「リレーコラム」全米OPゴルフで松山英樹に変化 前向きな言葉に精神面の進化も

全米オープンゴルフ第1ラウンド、14番で寄せの第3打を放つ松山英樹。これが入りイーグルを奪った=ペブルビーチ・リンクス(共同)

 ゴルフ担当を離れて約半年。現在は東京から札幌に居を移してプロ野球の日本ハムを担当している私が、幸運にも男子ゴルフのメジャー、全米オープン選手権(6月13~16日・米カリフォルニア州ペブルビーチ)を取材する機会に恵まれた。

 久しぶりのトーナメント取材ということで頭の中を野球からゴルフに必死に切り替えながら約1週間奔走したが、そこで印象に残ったのは日本のエース、松山英樹の変化だった。

 結果から記せば、優勝争いに絡むことなく21位。バーディー以上のホールが全体最多の20もありながら、一方でミスも目立ち、メジャー初優勝を果たした伏兵ゲーリー・ウッドランド(米国)から11打の大差をつけられた。

 日本男子初のメジャー制覇を目指す松山からすれば、納得のいかない結果だろう。

 だが、大会前から最終日まで、「プレーは良かったと思う」「引きずらずにできた」「マスターズの時より良くなっている」など、ネガティブな言葉だけでなくポジティブな言葉も多く聞くことができた。

 日本ハムの春季キャンプが米ツアーのフェニックス・オープン(1月31日~2月3日)と同じアリゾナ州スコッツデールで行われていることもあり、トーナメント最終日に顔を出したこともあって、松山に会ったのは久しぶりというわけではない。

 だが、緊張感が高まるメジャーで以前より柔らかな雰囲気を醸し出しており、少々驚きを覚えた。

 ゴルフ取材に明け暮れた昨年末までの5年間は、松山の活躍を追いかけることが中心だった。

 個人的にはここまでで最も世界の頂点に迫ったと感じた米ツアー5勝目となる2017年8月の世界選手権シリーズ、ブリヂストン招待。さらに翌週に行われた最終盤まで優勝を争った全米プロ選手権と、両試合を現地でカバーし、その時、松山本人の口から出てきたのは「成績で言えば良かったが、自分の感覚としては良くなかった」だった。

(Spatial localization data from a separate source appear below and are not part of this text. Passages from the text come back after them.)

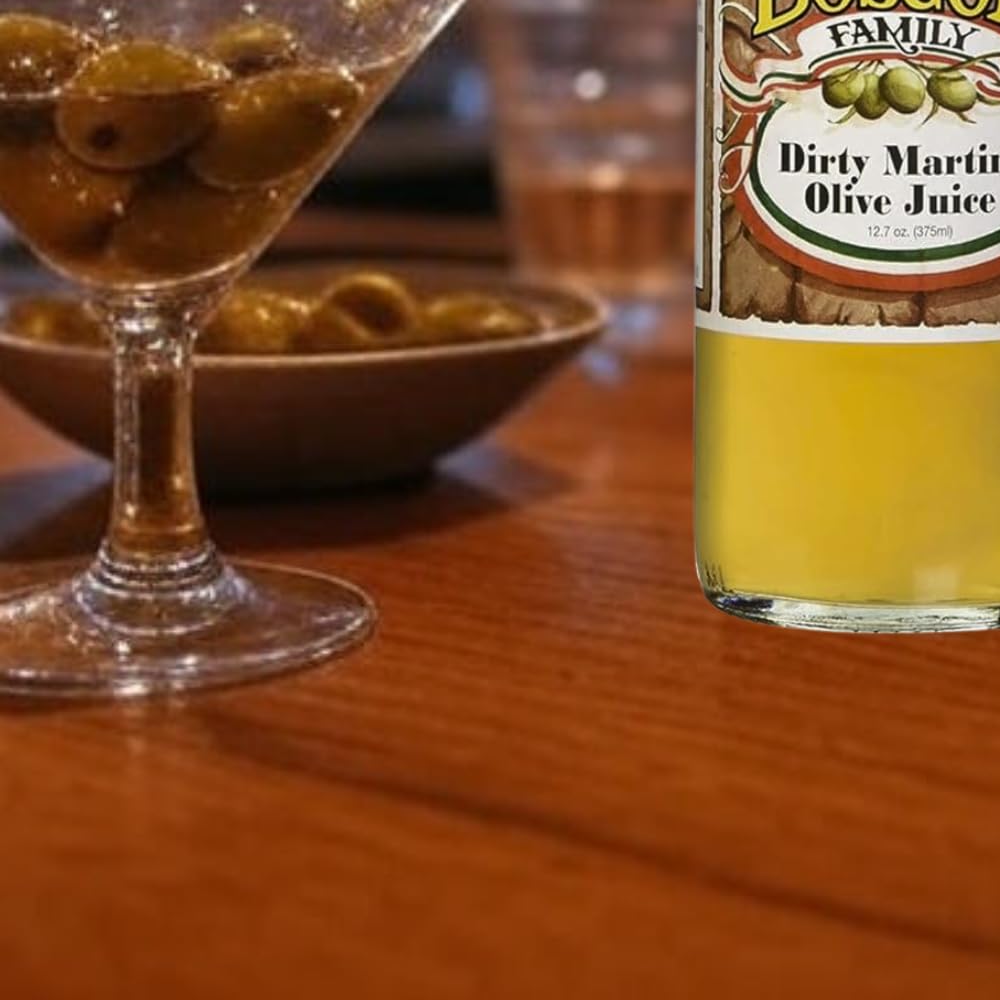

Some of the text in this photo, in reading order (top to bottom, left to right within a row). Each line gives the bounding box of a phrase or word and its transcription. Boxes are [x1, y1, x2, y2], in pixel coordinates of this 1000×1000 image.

[827, 16, 981, 54] FAMILY
[779, 142, 870, 184] Dirty
[805, 181, 996, 216] Olive Juice
[867, 225, 953, 239] 12.7 oz. (375ml)
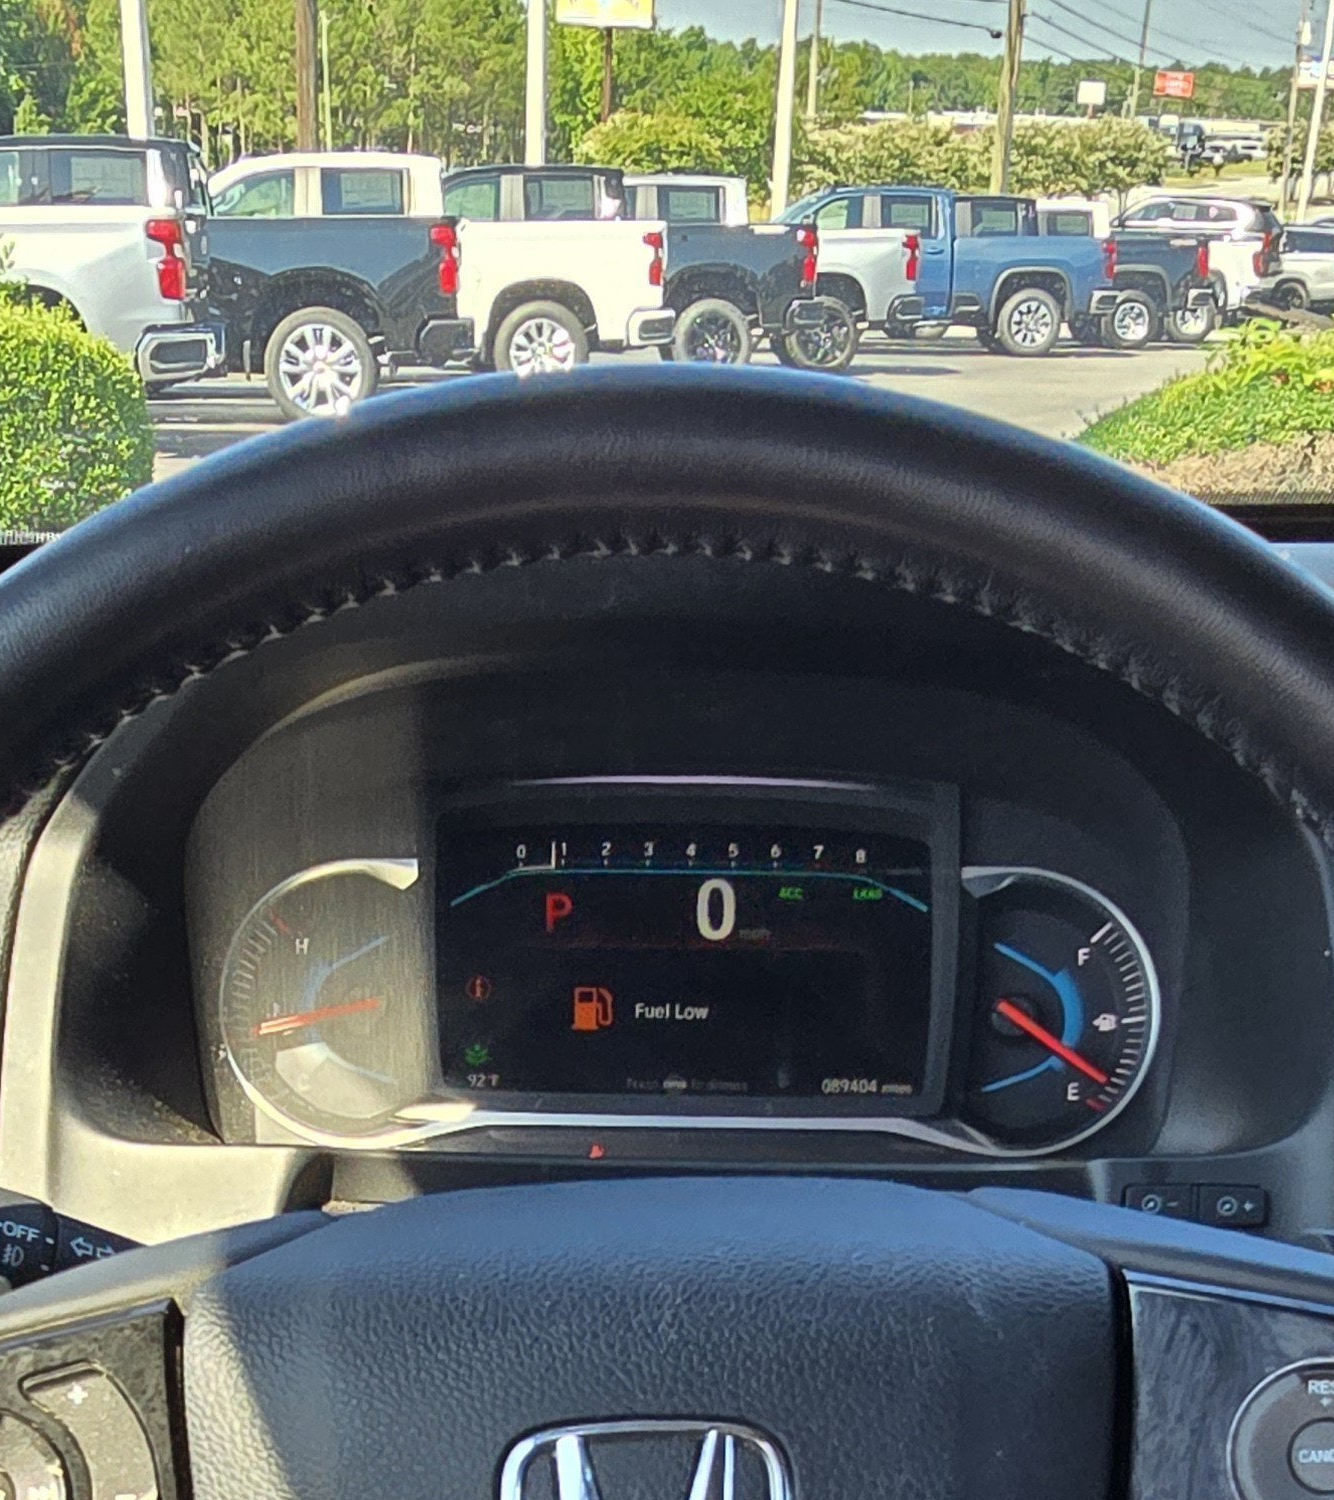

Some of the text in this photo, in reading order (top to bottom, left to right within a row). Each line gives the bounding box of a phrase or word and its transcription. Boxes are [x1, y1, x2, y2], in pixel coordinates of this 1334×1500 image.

[601, 842, 612, 856] 2
[644, 842, 654, 857] 3
[686, 843, 696, 857] 4
[728, 843, 739, 857] 5
[770, 843, 781, 858] 6
[812, 845, 824, 860] 7
[546, 893, 573, 932] P
[696, 878, 736, 941] 0
[1078, 947, 1090, 966] F
[634, 1003, 709, 1021] Fuel Low
[1066, 1082, 1080, 1101] E
[2, 1220, 40, 1243] OFF

 自分に対して厳しい言葉を並べ、報道陣が「ここは良かったのではないか」と聞いても首を縦に振ることは少なかった。

 そこからの、前向きな言葉。前述のブリヂストン招待から約2年、勝利から遠ざかっているのは事実で、特に昨年は左手の故障の影響もあって不調に陥った。

 その期間は「いろんなことをやった。悪いところから良い方向に持っていく自信はあったが、それが全部うまくいかなかった」と言う。

 2013~14年シーズンから本格参戦した米ツアーで最も大きな挫折を味わったことで、一から自分を見つめ直し、試行錯誤していくことによって、プレーだけでなく精神面でも大きく進化しているのではないだろうか。

 タイガー・ウッズ(米国)の復活で再び注目が集まりつつある男子ゴルフだが、日本勢の苦戦もあって国内での盛り上がりはやや欠けている。

 松山はショットについては元々世界でも1、2を争うレベルの精度を誇り、けがも癒えて体も目立った不安はない。心技体が整いつつある今だからこそ、今季残り少なくなった米ツアーで久々の優勝、今季の最後のメジャーとなる全英オープン選手権(7月18~21日)での活躍に期待したいところだ。

杉山 勝則(すぎやま・かつのり)プロフィル

2008年共同通社入社。本社運動部、大阪運動部を経て、広島支局で主に広島カープを取材。12年末から本社運動部でゴルフ、ラグビーなどを担当。18年末から札幌支社編集部でプロ野球の日本ハムをカバーしている。山口県出身。